Numa dada altura da sua vida, quando D. Pedro I foi ao Porto, ouviu falar de um bispo que se andava a envolver sexualmente com uma mulher casada. As pessoas da região sabiam do caso, mas tratando-se o criminoso de um religioso com certo nível social, tinham medo de intervir na situação. Então, quando o rei soube da ocorrência, pediu que o bispo se encontrasse com ele e urdiu um plano.
Que plano era, perguntam? Algo de simples - ele queria encontrar-se com o bispo totalmente sozinho, pelo que pediu aos seus funcionários que criassem as condições para que ambos pudessem estar sós um com o outro, nomeadamente não deixando entrar o séquito do religioso e fechando todas as portas e janelas tão depressa quanto possível. Assim foi planeado e assim foi feito. E então, quando se encontraram frente a frente, sós, o rei retirou do seu corpo as vestes reais, pediu ao bispo que tirasse as suas vestes religiosas, e atacou-o repetidamente com um chicote.
Não é claro o que aconteceu nos momentos seguintes, a potencial violência de todo este castigo do bispo não é descrita, mas o que o cronista Fernão Lopes nos revela é que pouco depois as portas foram abertas e um tal Gonçalo Vasques de Goes, escrivão do monarca, o relembrou de que esta não era a melhor forma de administrar justiça. E toda a história parece ter ficado por aí...
Mas... pergunte-se, terá sido tudo isto verdade? Fernão Lopes, ao contar-nos este episódio do castigo do bispo, nunca menciona o nome do religioso, mas fomos capazes de descobrir algo de intrigante - quem for consultar uma listagem oficial dos bispos do Porto e depois a comparar com as datas do reinado de D. Pedro I, i.e. 1357 a 1367, poderá notar que entre os anos de 1357 e 1359 não é mencionada qualquer figura a ocupar esse lugar. Isto poderá indicar muito - terão sido os anos em que este misterioso bispo ocupou a Sé do Porto antes de ser deposto? - mas também poderá tratar-se de uma mera coincidência, já que esta situação não é caso único na mesma fonte de informação. Fora essa informação, não encontrámos nada que afiance ou rejeite a ocorrência real deste episódio - poderá ter sido uma invenção do cronista, para demonstrar que a justiça do rei chegava até ao clero, ou um episódio bem real.
Resta uma pergunta, por hoje. Terá sido mesmo este o "castigo do Bispo" a que Teófilo Braga se referia?

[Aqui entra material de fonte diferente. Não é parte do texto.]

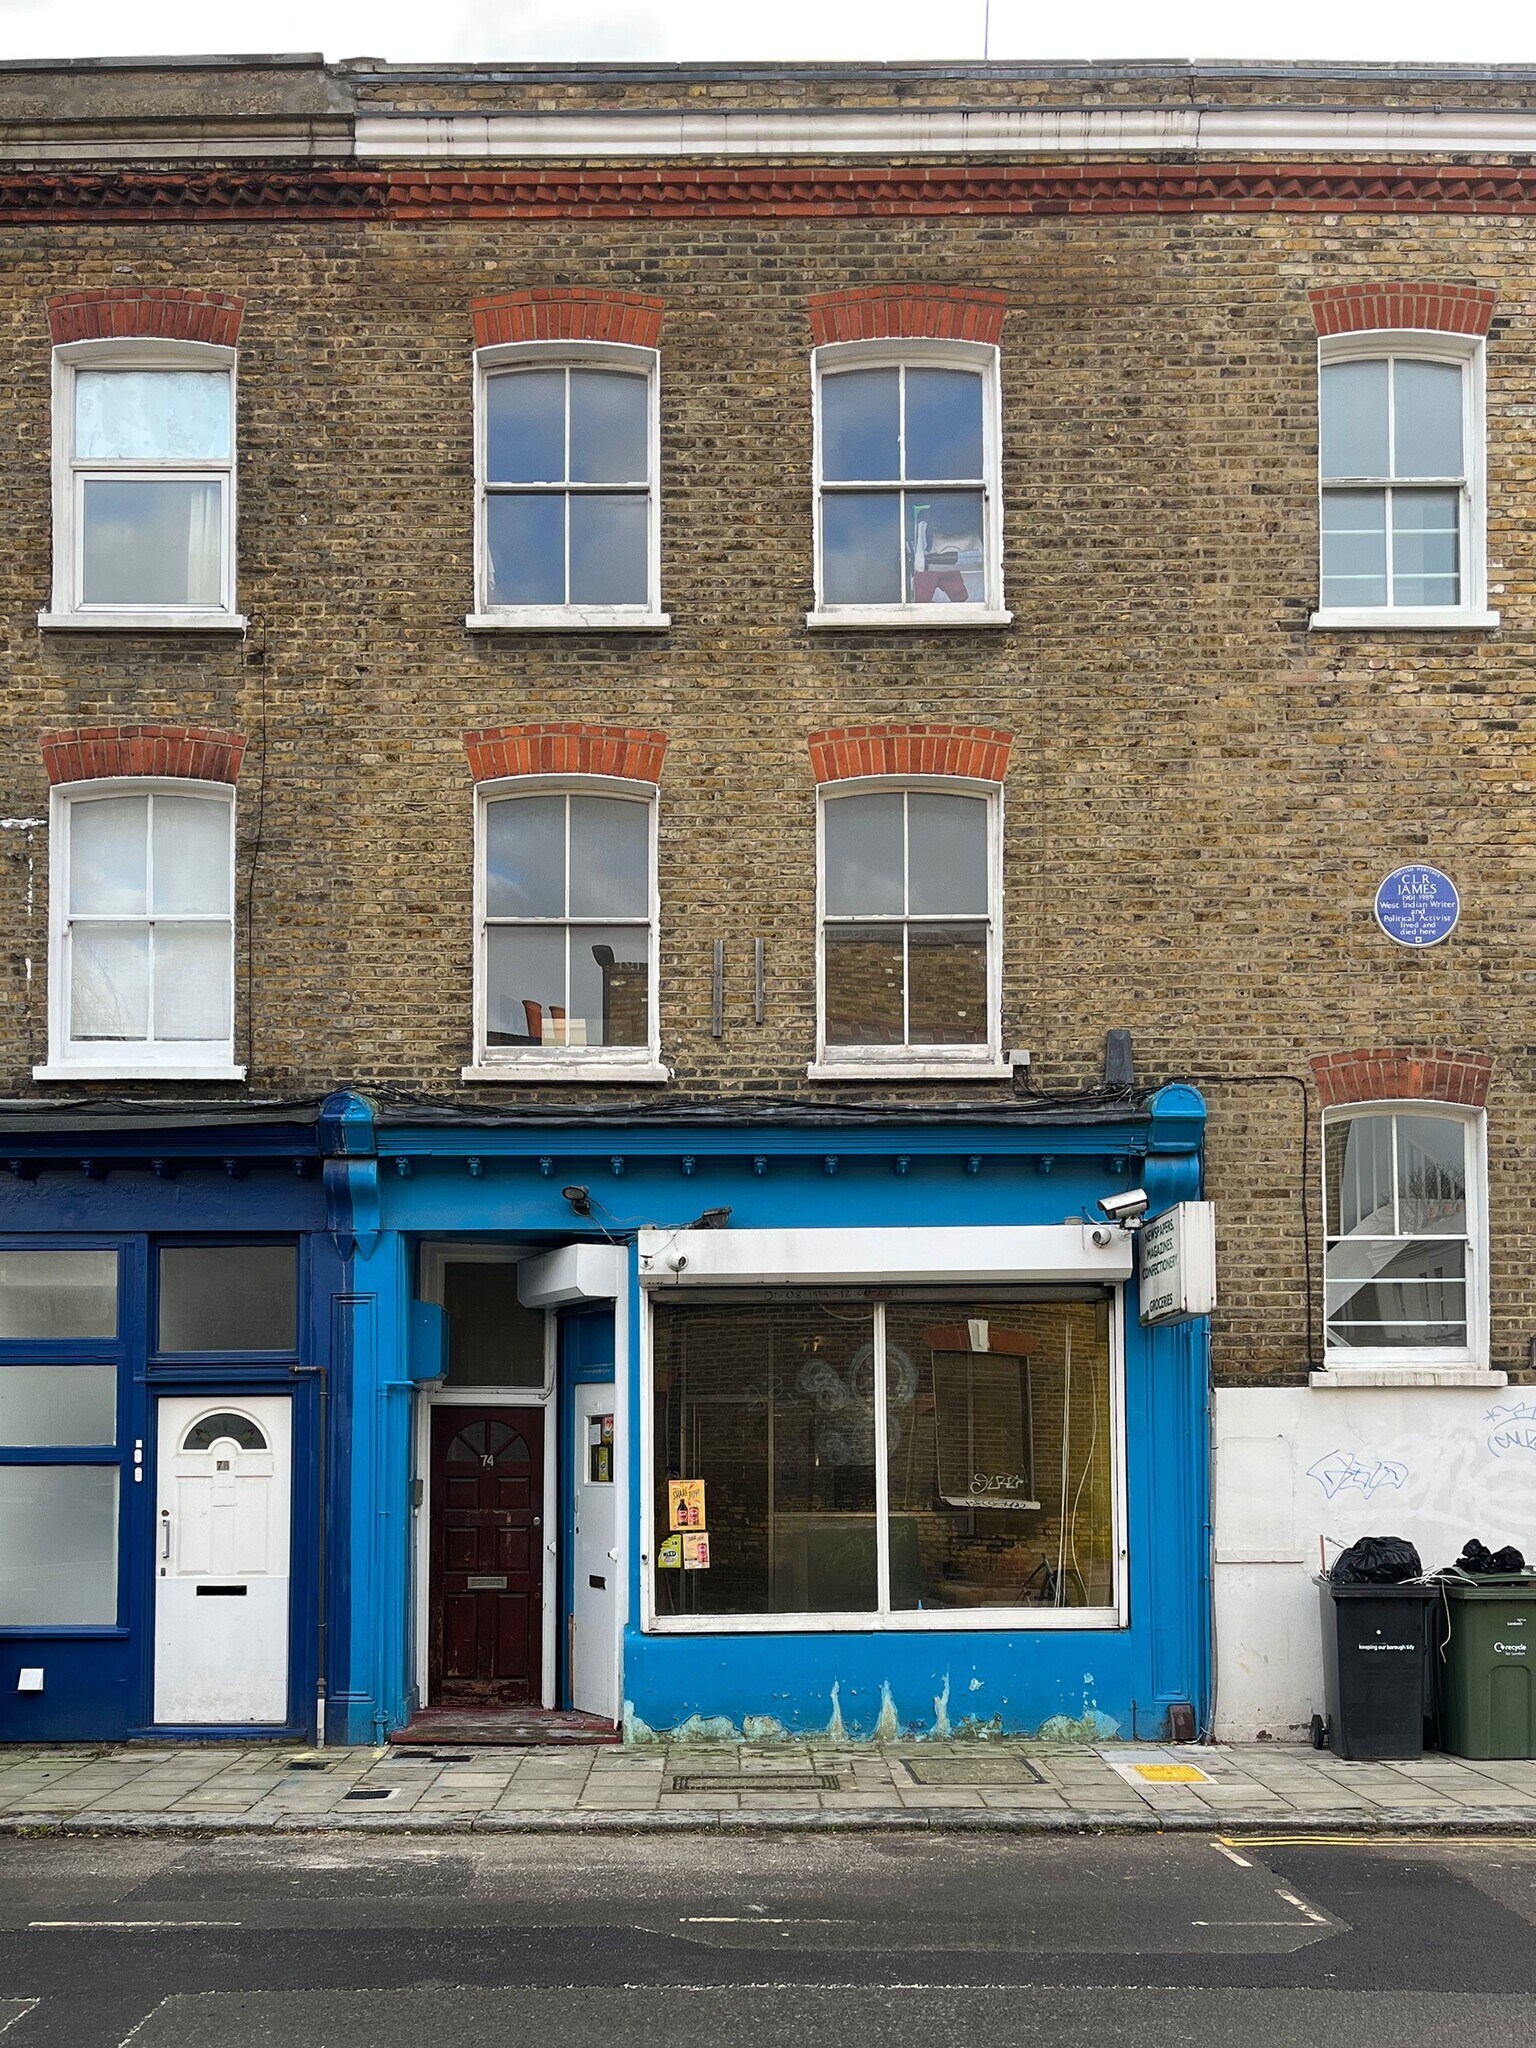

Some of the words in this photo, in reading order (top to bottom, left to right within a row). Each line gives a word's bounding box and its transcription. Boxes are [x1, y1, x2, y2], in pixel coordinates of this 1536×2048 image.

Não há, face à obra original e respectivo contexto da referência, qualquer hipótese de termos uma certeza mesmo absoluta, mas esta parece-nos ser uma curiosa lenda nacional que, pelo seu carácter muito único (quantas lendas de Portugal conhecem em que religiosos sejam punidos fisicamente?), seria certamente digna de nota para esse autor.